TL:DR The author says that the phenomenon of more children remembering their past lives indicates human expansion. Children, they say, are helping humanity evolve beyond limiting beliefs and in so doing, they help usher in a new reality for all humans. One where humans are more than human.
Kids remembering their past lives isn’t a surprise to my clients or to me. We are, after all, eternal beings with tremendous potential. We even enjoy the potential to recall our past lives as easily as we recall dreams.
But when a client recently shared an example of a young boy remembering being here before, it had me write this post. That’s because the more such stories we hear, the more likely we might try tapping into our own power to perceive what we really are.
There’s a reason more young people are coming in clearer. It’s the same reason so many kids are coming into the world as transgender. We’re going to look at this alongside why it is so many of us don’t remember our past lives. Not remembering our past lives should be the rarity. Not kids remembering being here before.
So why is the opposite true? Why is it so rare for people to remember their past lives? And what’s causing more kids to remember being here before?
Let’s take a look.
Giving up our deeper awareness
The reason nearly all of us don’t remember our past lives is because it’s just not that important to us. Or so we think.
Past life memories, like dreams, can provide a LOT of value. They can, for example, explain why certain things seem to happen over and over in this life. Past life memories can also help us understand why we must work through certain things we are working through in this life.
Of course, such memories, again, like dreams, can help us realize we’re eternal; that there’s more to life than this one life. And finally, past life memories can help free us from the fear of death.

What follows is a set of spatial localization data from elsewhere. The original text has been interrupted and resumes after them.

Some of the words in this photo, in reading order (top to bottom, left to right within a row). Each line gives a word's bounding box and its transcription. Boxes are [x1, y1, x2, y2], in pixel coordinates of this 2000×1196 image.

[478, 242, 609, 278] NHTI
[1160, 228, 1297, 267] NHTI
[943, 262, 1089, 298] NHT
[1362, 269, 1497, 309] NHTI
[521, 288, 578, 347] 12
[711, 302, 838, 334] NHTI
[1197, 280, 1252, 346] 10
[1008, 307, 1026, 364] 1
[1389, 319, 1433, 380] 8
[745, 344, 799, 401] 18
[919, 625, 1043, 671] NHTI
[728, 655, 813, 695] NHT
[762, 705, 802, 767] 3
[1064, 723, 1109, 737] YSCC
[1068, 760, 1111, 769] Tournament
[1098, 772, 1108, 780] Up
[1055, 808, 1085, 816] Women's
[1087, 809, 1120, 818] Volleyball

Freeing ourselves from the fear of death is HUGE.
Nearly all of us, however, are talked out of the awareness of such an expanded consciousness early on. That’s right, we all have such an expanded consciousness when we first get here. As children, we’re deeply connected to the place from where we came.

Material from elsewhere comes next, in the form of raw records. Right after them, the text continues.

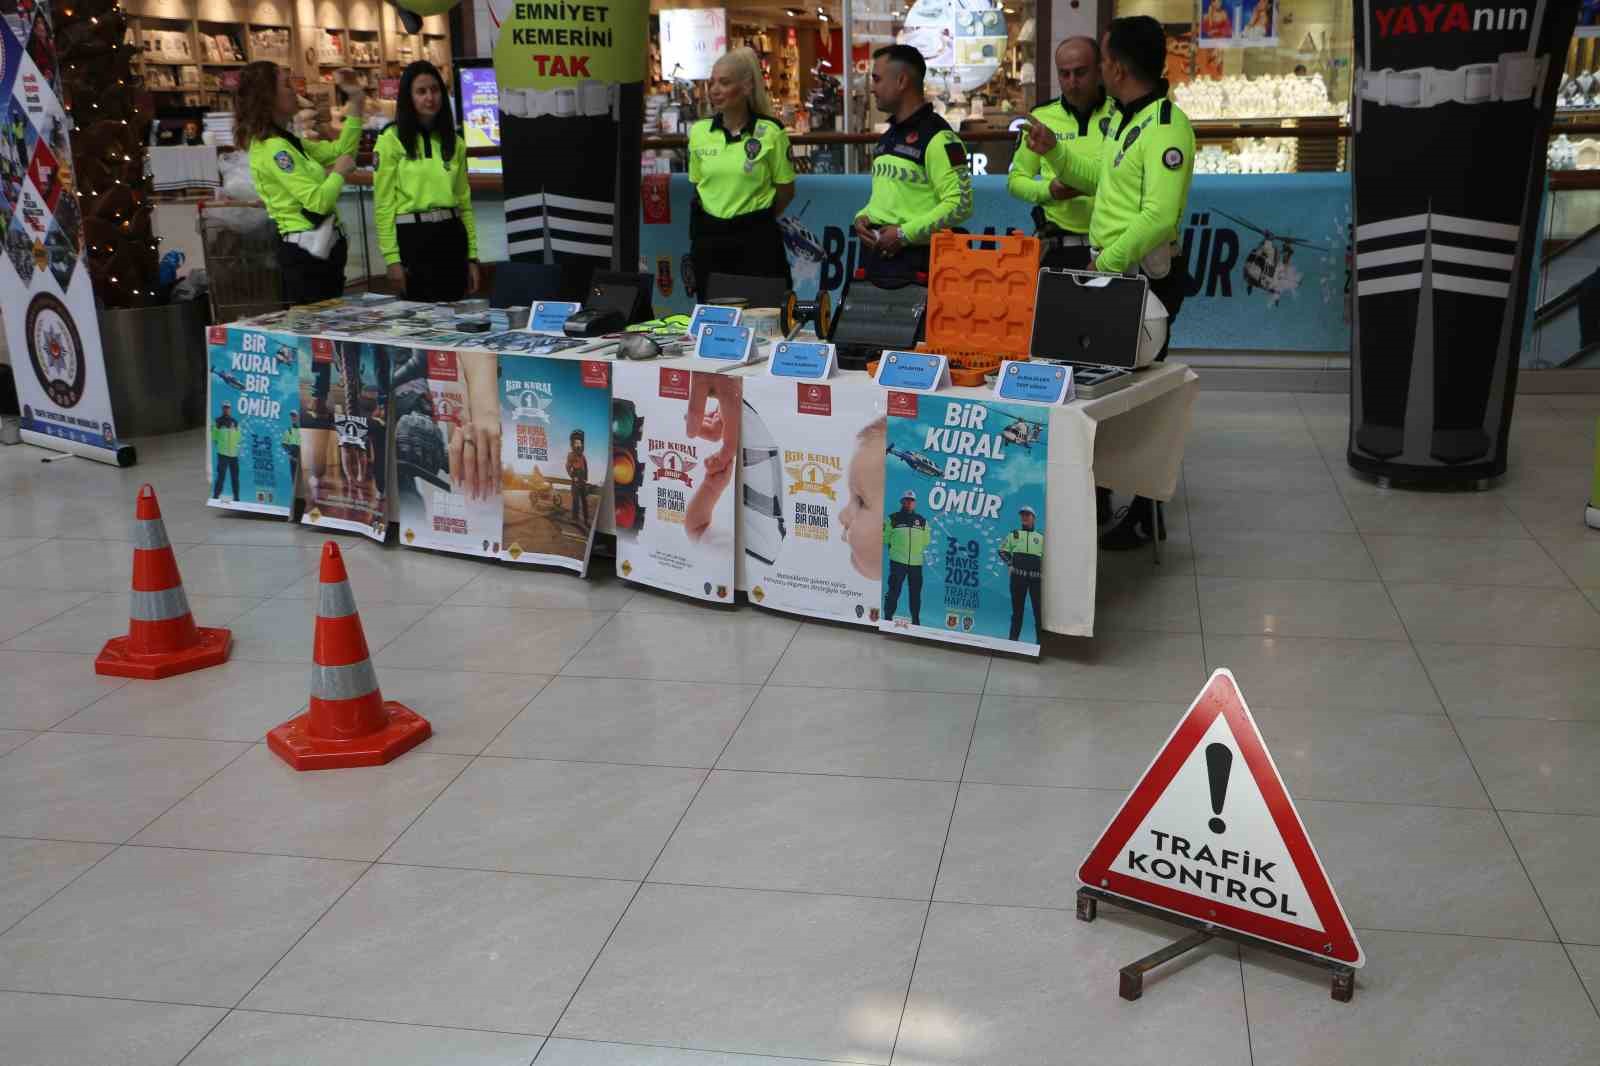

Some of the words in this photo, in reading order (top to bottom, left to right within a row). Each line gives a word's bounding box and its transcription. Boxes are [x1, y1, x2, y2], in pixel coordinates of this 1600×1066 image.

[515, 1, 608, 22] EMNİYET
[512, 27, 612, 47] KEMERİNİ
[533, 55, 591, 77] TAK
[231, 352, 279, 375] KURAL
[237, 392, 280, 419] ÖMÜR
[668, 442, 698, 460] KURAL
[924, 427, 1005, 460] KURAL
[668, 489, 685, 501] KURAL
[928, 481, 1002, 519] ÖMÜR
[808, 504, 828, 517] KURAL
[946, 536, 979, 559] 3-9
[945, 556, 979, 570] MAYIS
[945, 567, 979, 587] 2025
[1150, 829, 1277, 882] TRAFİK
[1128, 850, 1297, 917] KONTROL

But in short order, the intensity of life experience — physical reality — is so intense it demands our full attention. Physical reality can be all-encompassing and drive our focus away from our connections to nonphysical, the Source of us all, and the experience making physical life possible.
Parents, peers and teachers also talk us out of our connections. We’re told to wise up, grow up, be realistic and stop day dreaming. Such admonitions cause us to trade that broader awareness for a more focused one. One focused on this time-space reality. And so we give up our deeper awareness.
The ego gets in on it too
The ego is another factor allowing either awareness of our past life experiences…or the lack thereof.

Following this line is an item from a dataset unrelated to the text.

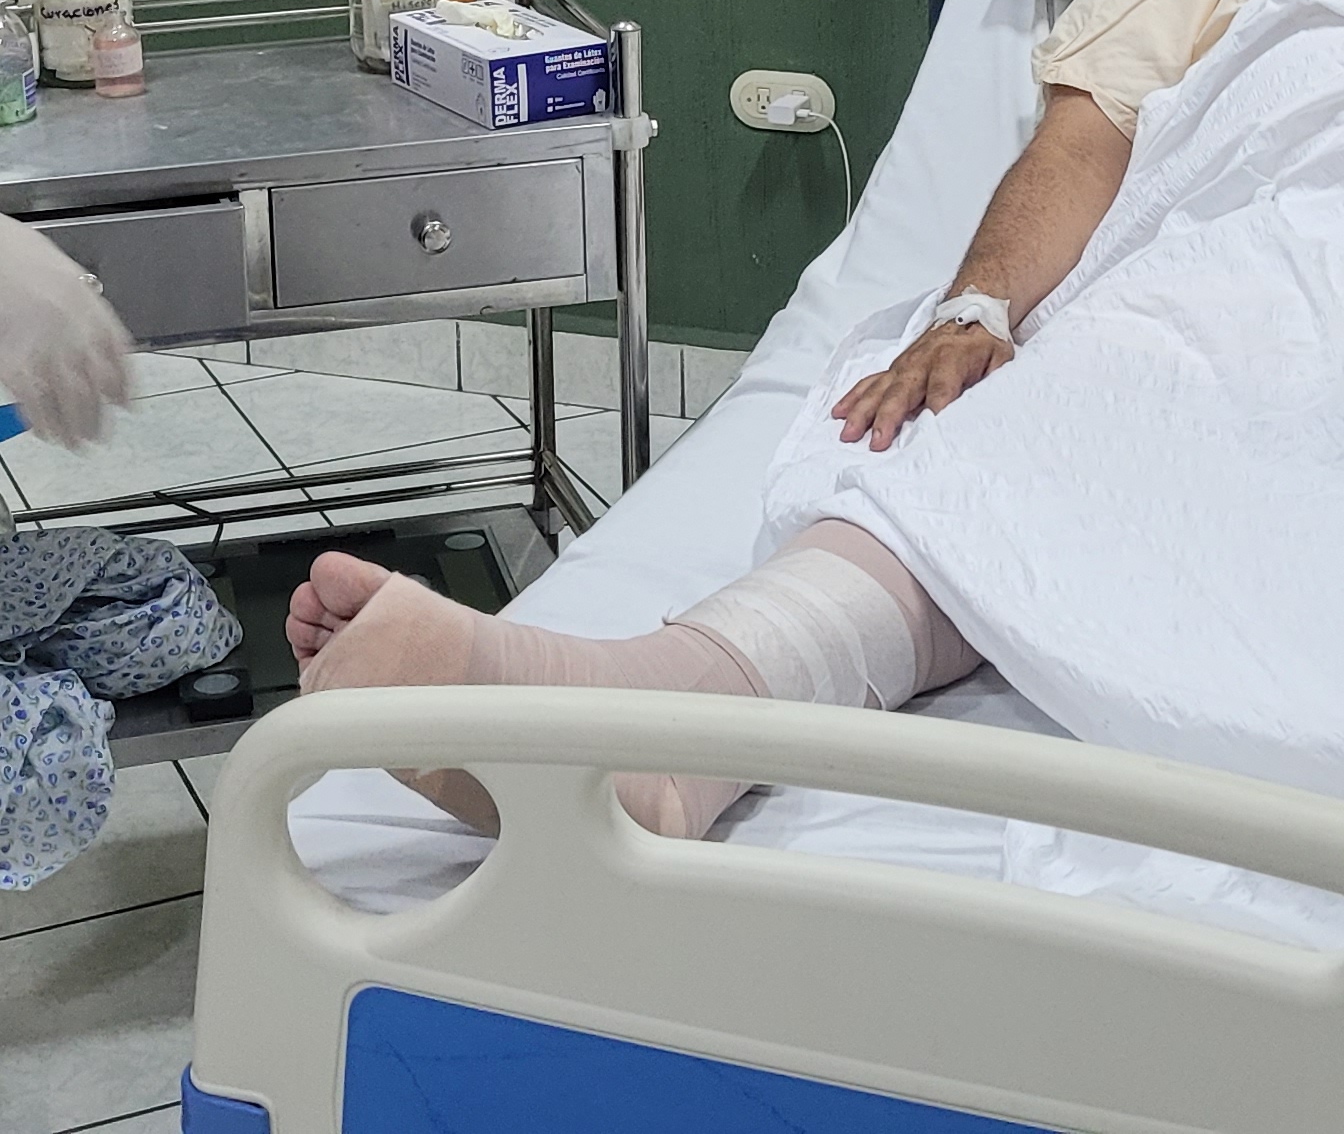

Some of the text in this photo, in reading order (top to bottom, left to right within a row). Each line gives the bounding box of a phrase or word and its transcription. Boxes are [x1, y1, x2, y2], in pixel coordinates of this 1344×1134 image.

[40, 0, 120, 19] Curaciones
[493, 66, 507, 126] DERMA
[506, 82, 518, 123] FLEX

Many new age gurus claim subduing or killing off the ego is key to awakening. But the ego is an extremely important function. That’s right, it IS a FUNCTION, a process going on in our consciousness. The ego is not us. It is, again, a function or process. This function’s function is to create the illusion of duality. It helps us distinguish ourselves from our surroundings and other people. Otherwise, we would only experience the non-duality behind the illusion of objective reality.
If this sounds preposterous, I recommend watching the Netflix documentary “How to Change Your Mind”. In it a noted journalist goes on an adventure. He decides to try all kinds of psychedelic substances, beginning with tobacco, but also LSD, Shrooms and MDA among others. The documentary also features people participating in trials hoping these substances have lasting and profound therapeutic benefits (they do).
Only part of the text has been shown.